- Directed by: Robert Zemeckis
- Screenplay by: Andrea Berloff; John Gatins;
- Based on: The Last Mrs. Parrish by Liv Constantine
- Produced by: Liza Chasin; Elaine Goldsmith-Thomas; Jennifer Lopez; Benny Medina; Molly Sims;
- Starring: Jennifer Lopez; Nikolaj Coster-Waldau; Isabel May; Pierson Fodé;
- Cinematography: Don Burgess
- Production companies: ImageMovers; 3dot Productions; Nuyorican Productions; Something Happy Productions;
- Distributed by: Netflix
- Country: United States
- Language: English

= The Last Mrs. Parrish =

The Last Mrs. Parrish is an upcoming American crime thriller film directed by Robert Zemeckis.

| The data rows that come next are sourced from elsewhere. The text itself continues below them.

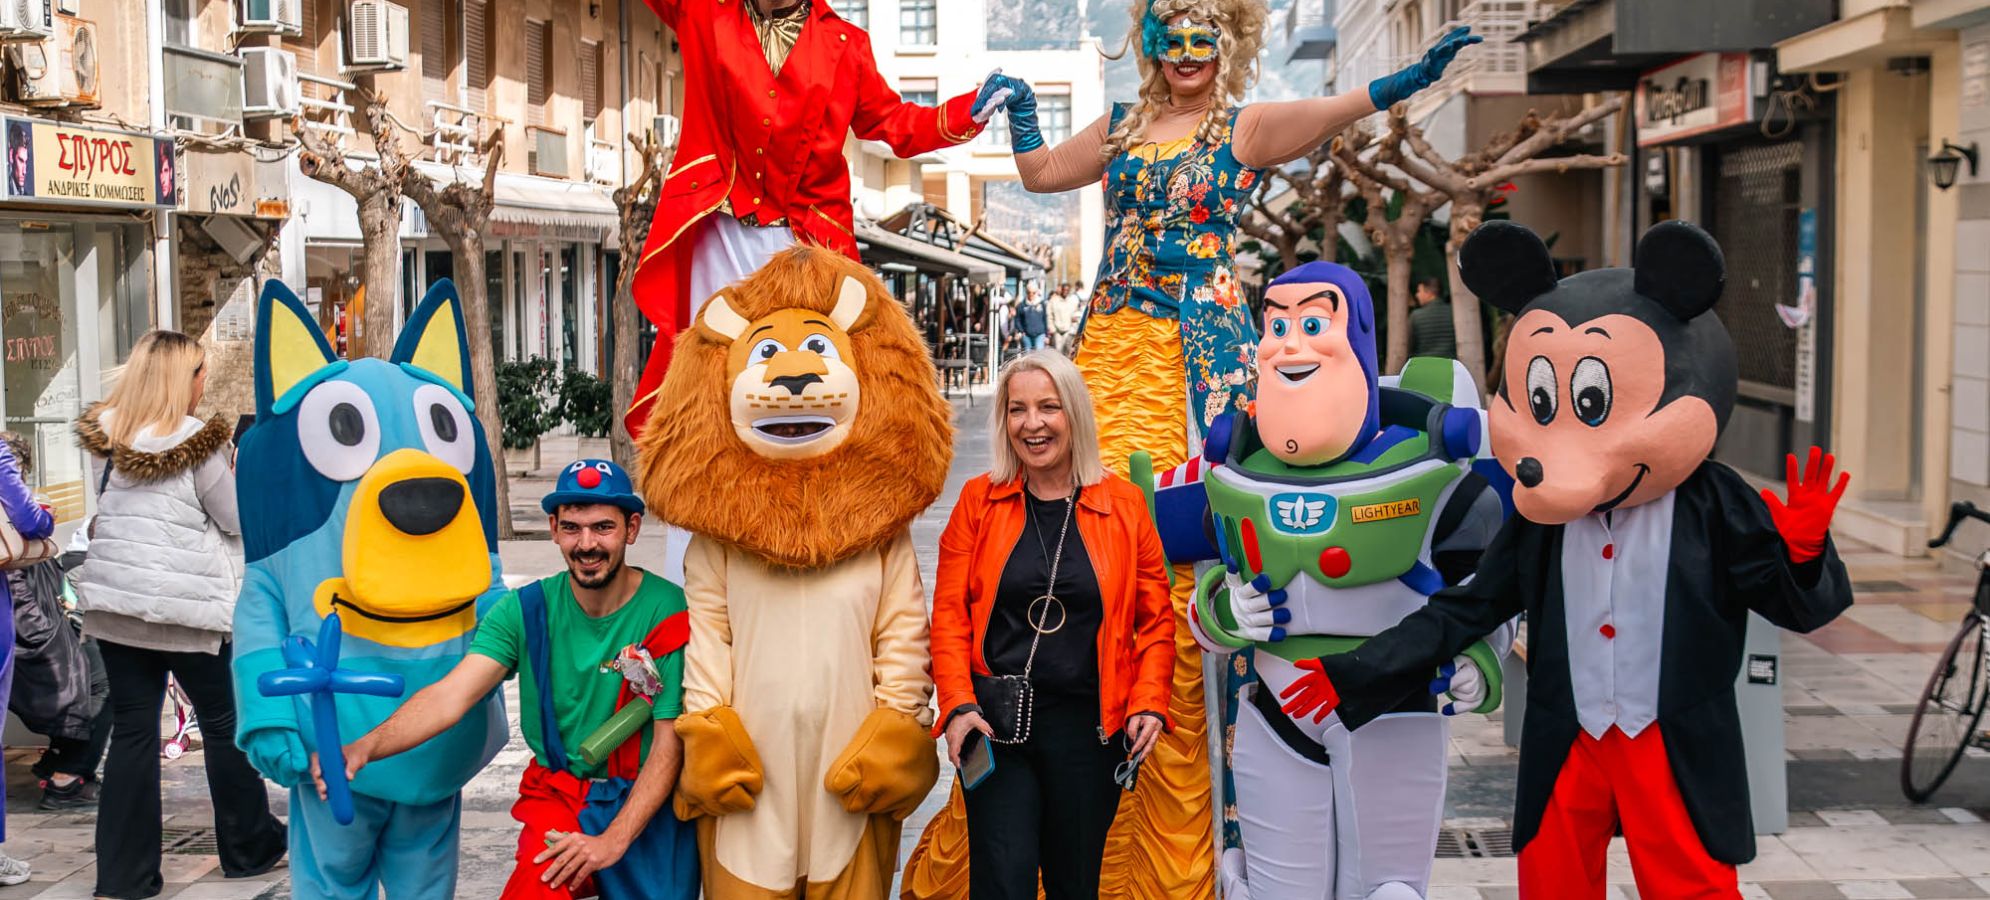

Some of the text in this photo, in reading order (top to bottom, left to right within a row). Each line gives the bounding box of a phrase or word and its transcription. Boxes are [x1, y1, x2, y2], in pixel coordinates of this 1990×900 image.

[56, 132, 136, 180] ΣΠΥΡΟΣ
[48, 180, 145, 201] ΑΝΔΡΙΚΕΣ ΚΟΜΜΩΣΕΙΣ
[1354, 500, 1419, 520] LIGHTYEAR
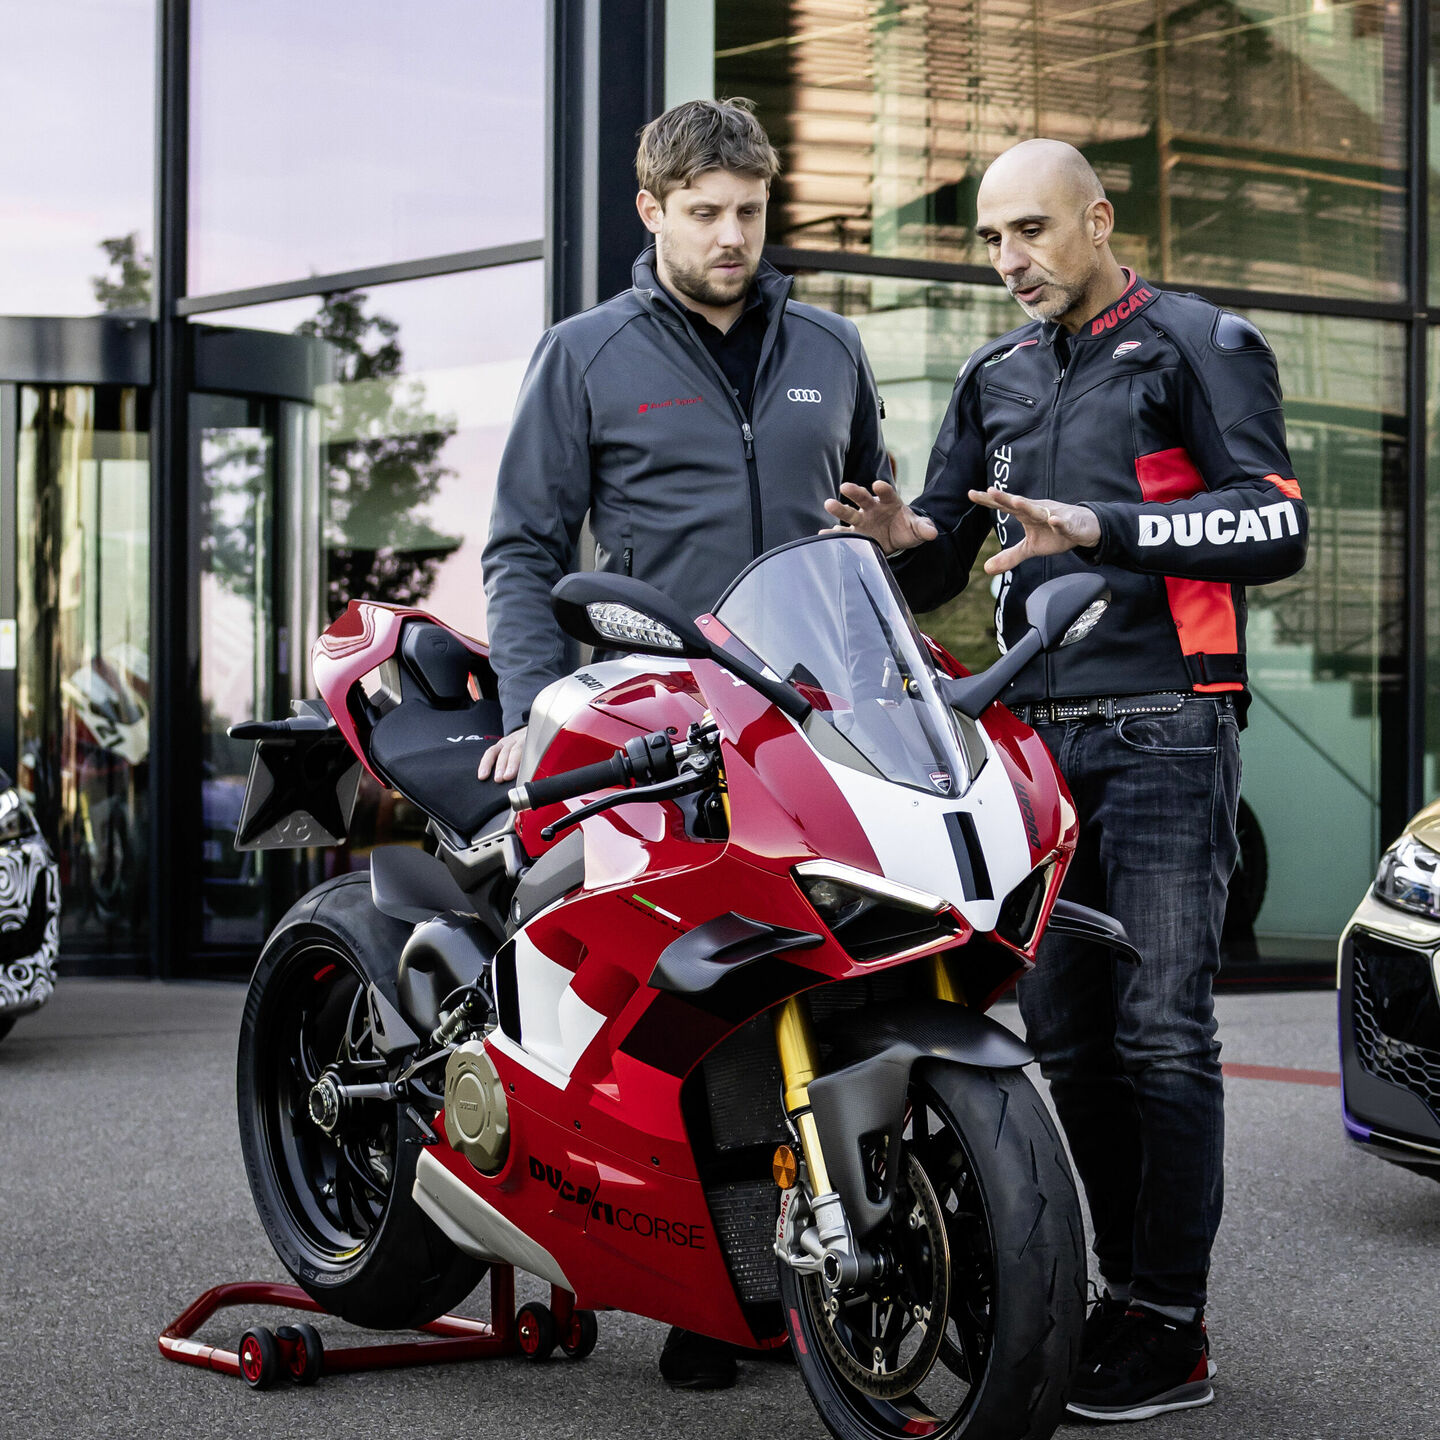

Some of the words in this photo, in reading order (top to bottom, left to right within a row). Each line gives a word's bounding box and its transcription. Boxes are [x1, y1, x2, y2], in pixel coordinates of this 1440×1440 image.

[1091, 287, 1153, 336] DUCATI
[1137, 500, 1300, 547] DUCATI
[1013, 780, 1042, 850] DUCATI
[778, 1193, 790, 1239] brembo

The screenplay by Andrea Berloff and John Gatins is based on the 2017 novel by Liv Constantine, the pen name of sisters Lynne and Valerie Constantine.

==Premise==
A con artist's plan to scam a wealthy couple by becoming the husband's new wife is upended when she discovers the complexity of the wife's life.

==Cast==
- Jennifer Lopez as Daphne Parrish
- Nikolaj Coster-Waldau as Jackson Parrish
- Isabel May as Amber Patterson
- Pierson Fodé
- Debi Mazar
- Denis O'Hare
- Frank Harts

==Production==
In April 2025, it was announced that Netflix was developing the film, with Robert Zemeckis set to direct and Jennifer Lopez set to star. In September, Nikolaj Coster-Waldau, Isabel May, and Pierson Fodé joined the cast. Debi Mazar and Denis O'Hare were added to the cast in October.

Principal photography began in September 2025, in New Jersey with filming also taking place in New York City. Frequent Zemeckis collaborator Don Burgess served as cinematographer, shooting the film on RED Digital Cinema 8K cameras.